● Required action: The entries below must be retyped exactly. Pictures are to be omitted.

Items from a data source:
════════════════════
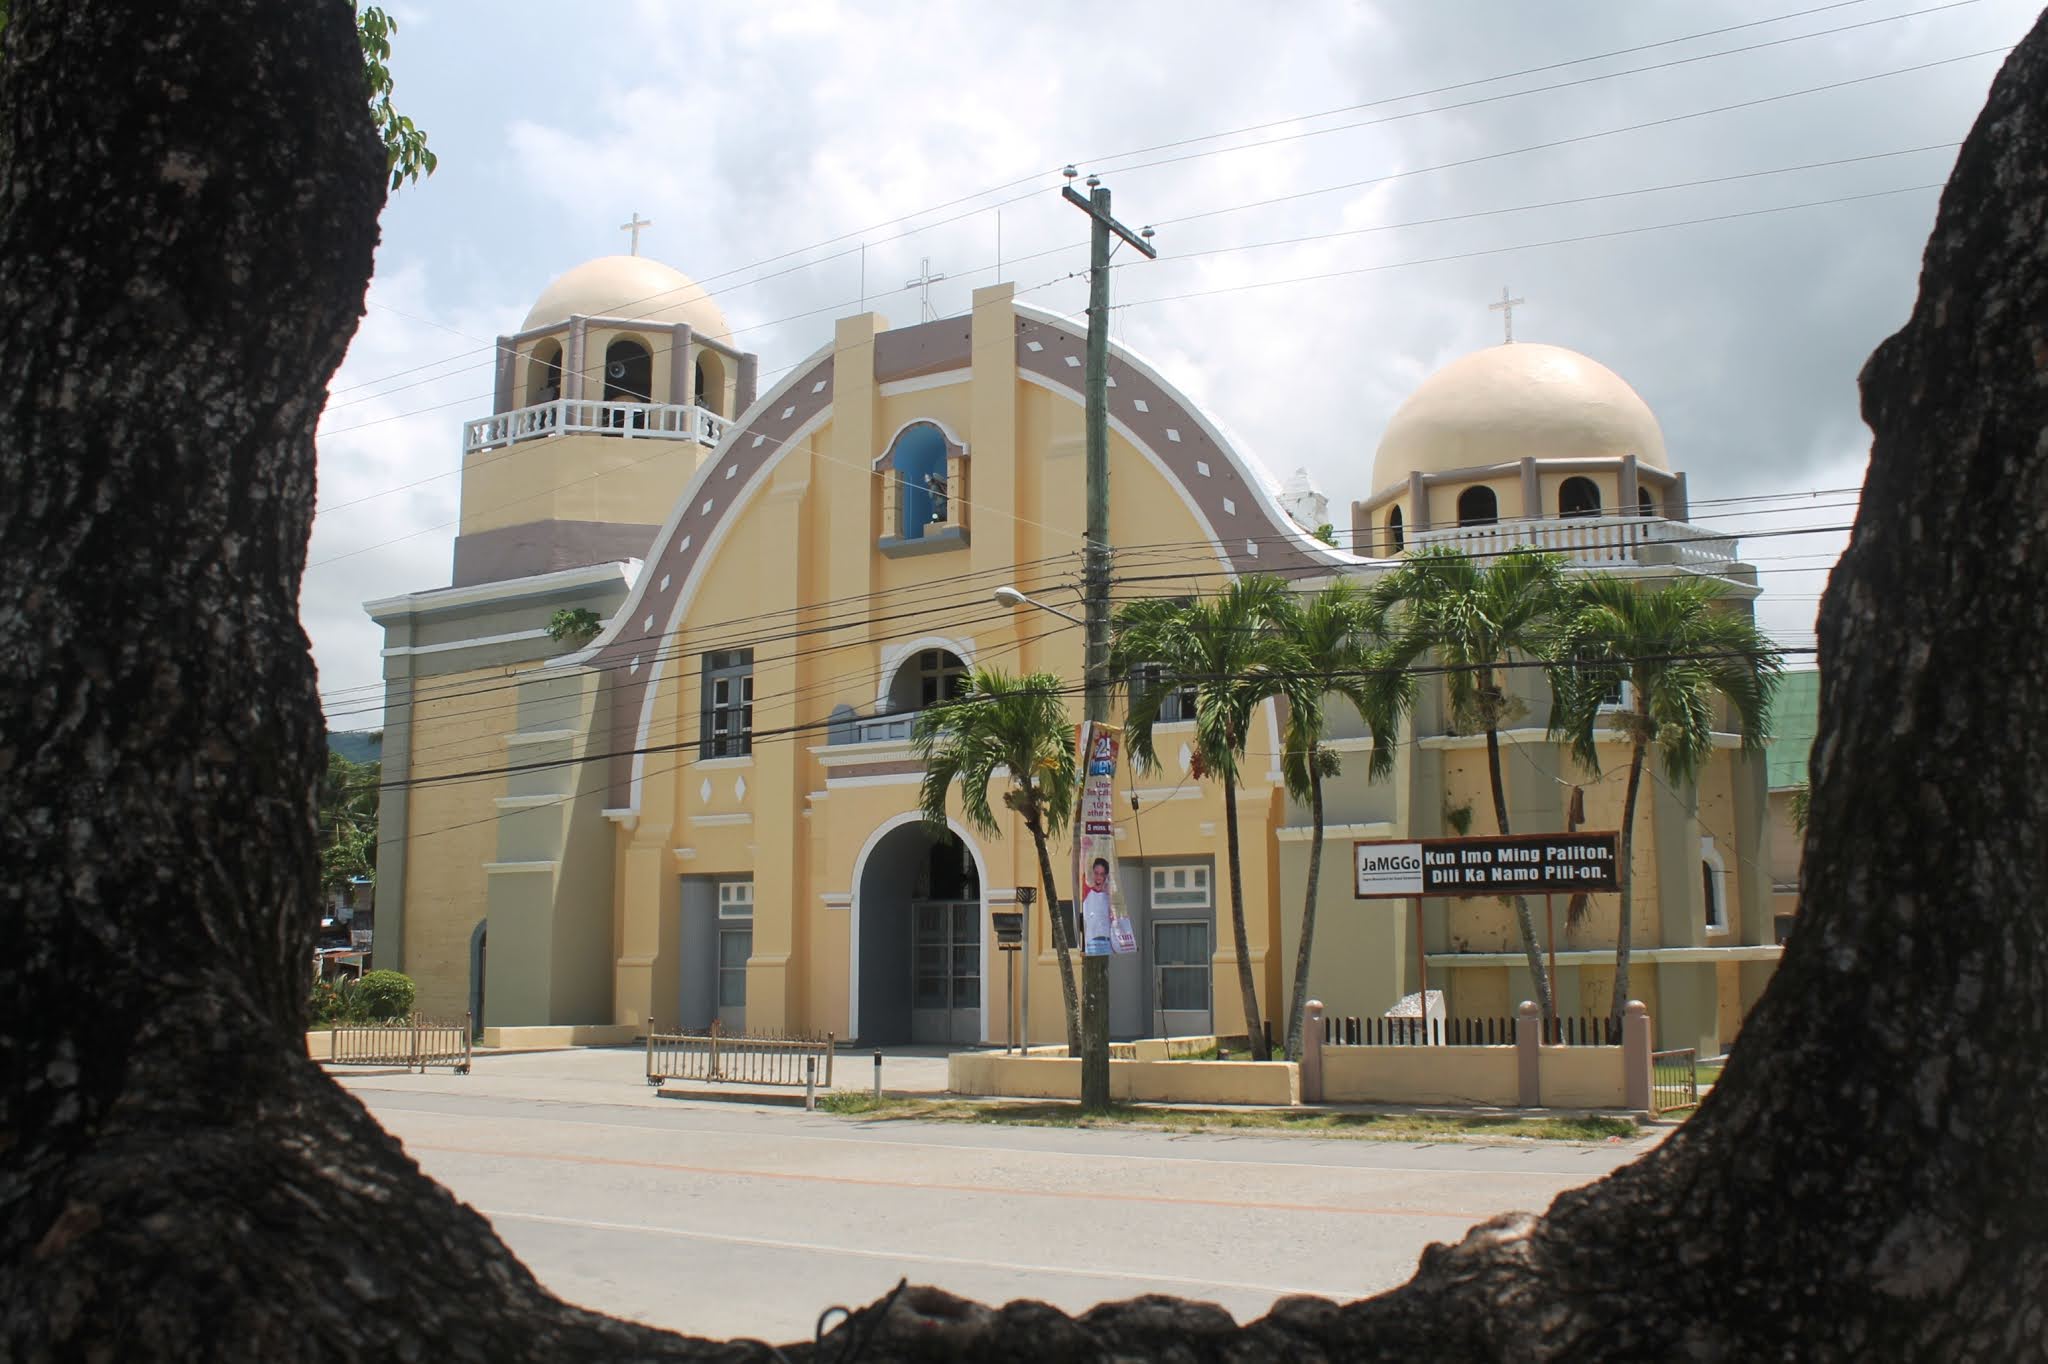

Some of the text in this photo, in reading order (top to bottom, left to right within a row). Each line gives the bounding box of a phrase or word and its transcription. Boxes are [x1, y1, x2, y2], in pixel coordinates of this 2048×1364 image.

[1362, 856, 1421, 871] JaMGGo
[1425, 851, 1456, 865] Kun
[1461, 850, 1492, 864] Imo
[1497, 848, 1540, 863] Ming
[1432, 869, 1460, 884] Dili
[1465, 868, 1486, 882] Ka
[1491, 867, 1539, 881] Namo
[1544, 866, 1608, 880] Pili-on.
════════════════════
● Result:
Some of the text in this photo, in reading order (top to bottom, left to right within a row). Each line gives the bounding box of a phrase or word and its transcription. Boxes are [x1, y1, x2, y2], in pixel coordinates of this 2048×1364 image.

[1362, 856, 1421, 871] JaMGGo
[1425, 851, 1456, 865] Kun
[1461, 850, 1492, 864] Imo
[1497, 848, 1540, 863] Ming
[1432, 869, 1460, 884] Dili
[1465, 868, 1486, 882] Ka
[1491, 867, 1539, 881] Namo
[1544, 866, 1608, 880] Pili-on.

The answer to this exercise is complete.